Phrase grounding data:
- Opening Delimiter -
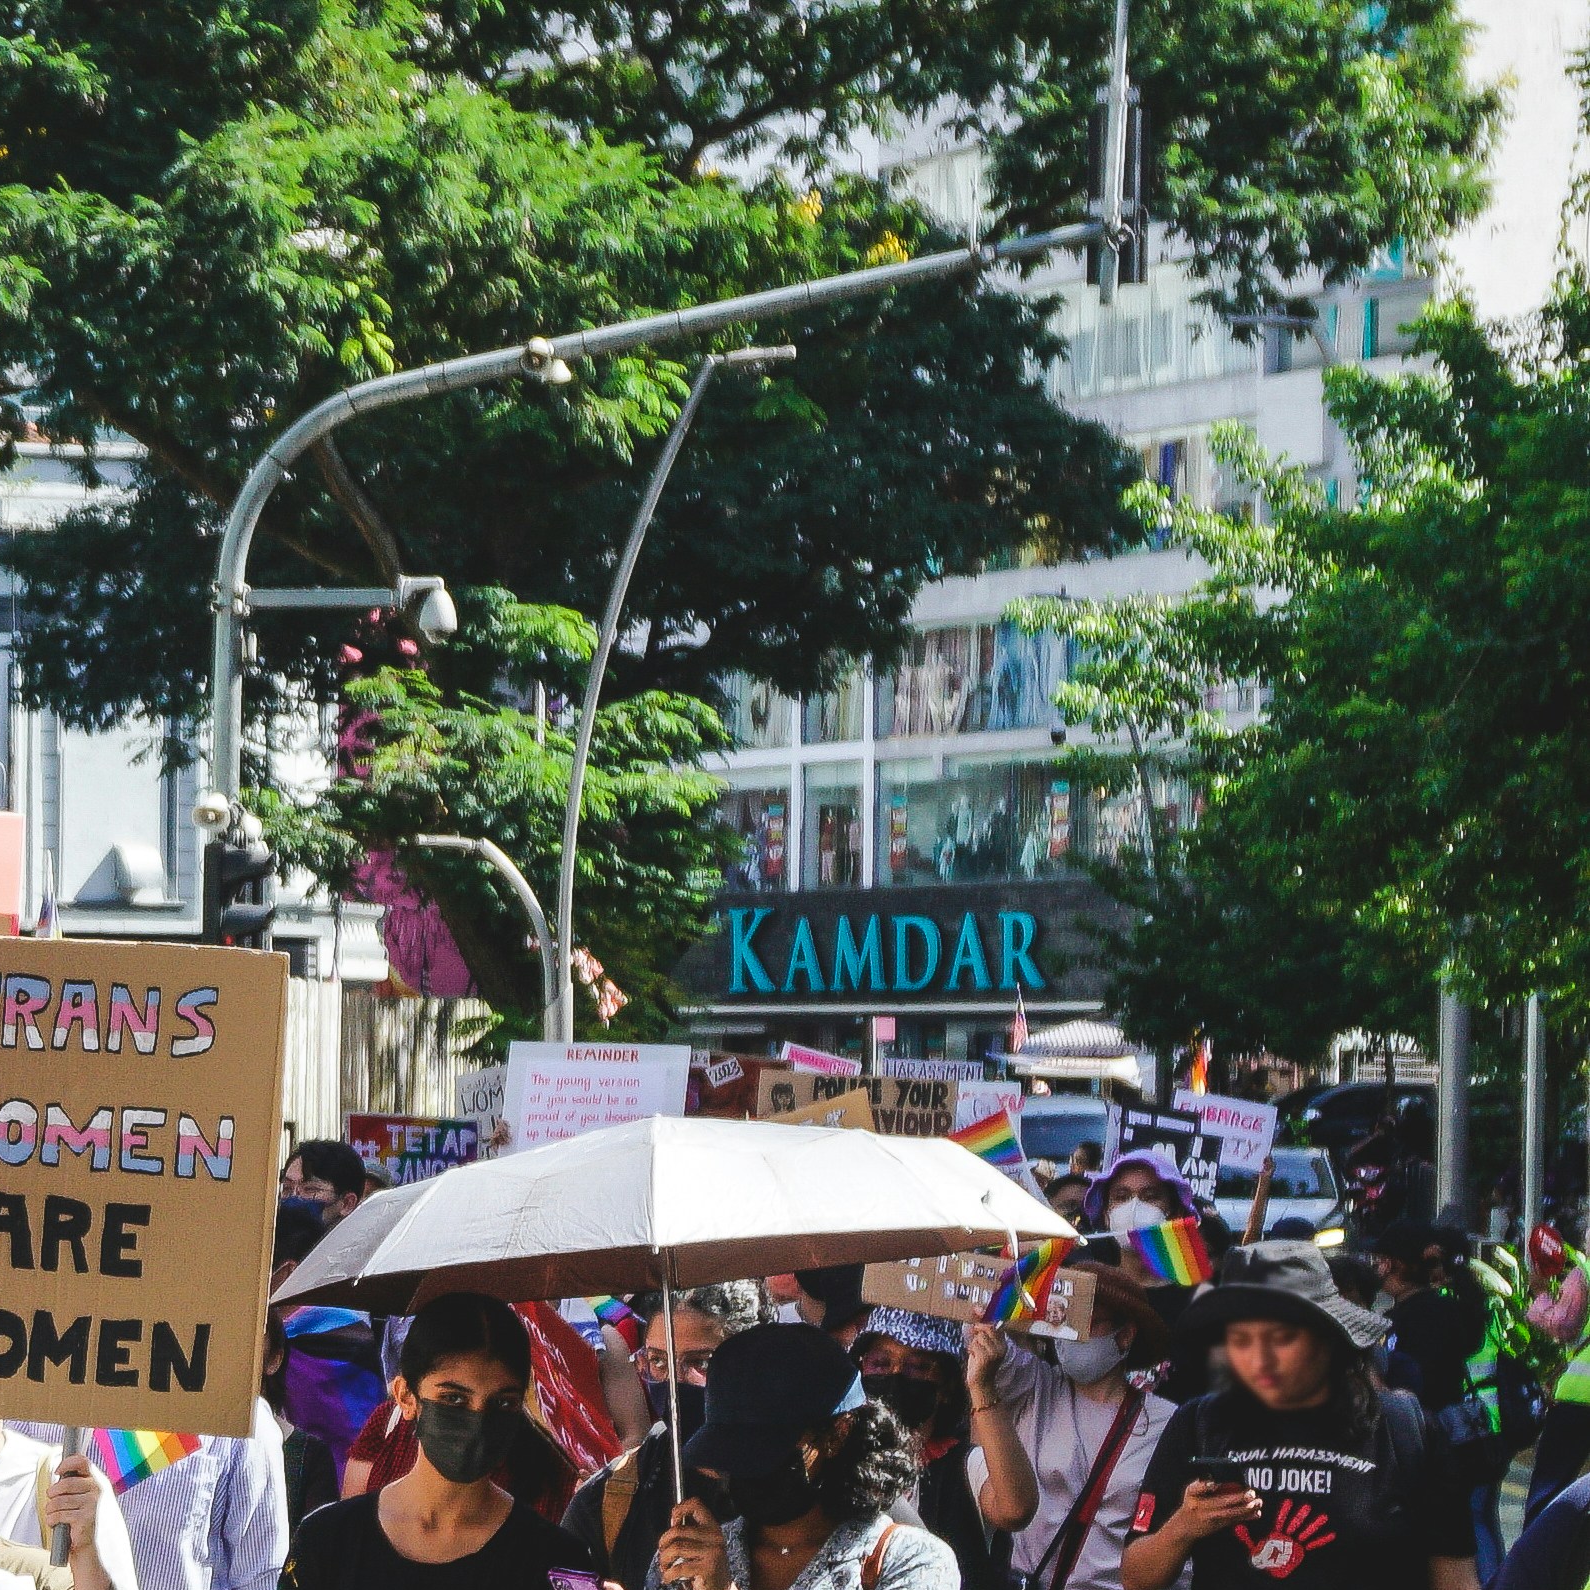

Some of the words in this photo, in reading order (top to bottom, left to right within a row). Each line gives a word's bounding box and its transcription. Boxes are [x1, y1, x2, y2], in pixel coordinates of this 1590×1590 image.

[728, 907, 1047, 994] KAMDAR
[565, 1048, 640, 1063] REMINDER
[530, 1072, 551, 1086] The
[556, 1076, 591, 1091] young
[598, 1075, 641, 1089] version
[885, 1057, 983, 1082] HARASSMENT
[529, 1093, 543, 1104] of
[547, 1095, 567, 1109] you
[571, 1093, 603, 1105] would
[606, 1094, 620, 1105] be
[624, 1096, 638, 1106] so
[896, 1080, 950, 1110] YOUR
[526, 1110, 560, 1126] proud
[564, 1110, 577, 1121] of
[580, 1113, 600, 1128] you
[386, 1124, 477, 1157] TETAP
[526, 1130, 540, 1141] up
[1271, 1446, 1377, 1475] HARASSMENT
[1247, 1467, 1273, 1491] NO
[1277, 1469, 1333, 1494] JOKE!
- Closing Delimiter -
The records are to be returned verbatim. Skip any picture they contain.

Some of the words in this photo, in reading order (top to bottom, left to right within a row). Each line gives a word's bounding box and its transcription. Boxes are [x1, y1, x2, y2], in pixel coordinates of this 1590×1590 image.

[728, 907, 1047, 994] KAMDAR
[565, 1048, 640, 1063] REMINDER
[530, 1072, 551, 1086] The
[556, 1076, 591, 1091] young
[598, 1075, 641, 1089] version
[885, 1057, 983, 1082] HARASSMENT
[529, 1093, 543, 1104] of
[547, 1095, 567, 1109] you
[571, 1093, 603, 1105] would
[606, 1094, 620, 1105] be
[624, 1096, 638, 1106] so
[896, 1080, 950, 1110] YOUR
[526, 1110, 560, 1126] proud
[564, 1110, 577, 1121] of
[580, 1113, 600, 1128] you
[386, 1124, 477, 1157] TETAP
[526, 1130, 540, 1141] up
[1271, 1446, 1377, 1475] HARASSMENT
[1247, 1467, 1273, 1491] NO
[1277, 1469, 1333, 1494] JOKE!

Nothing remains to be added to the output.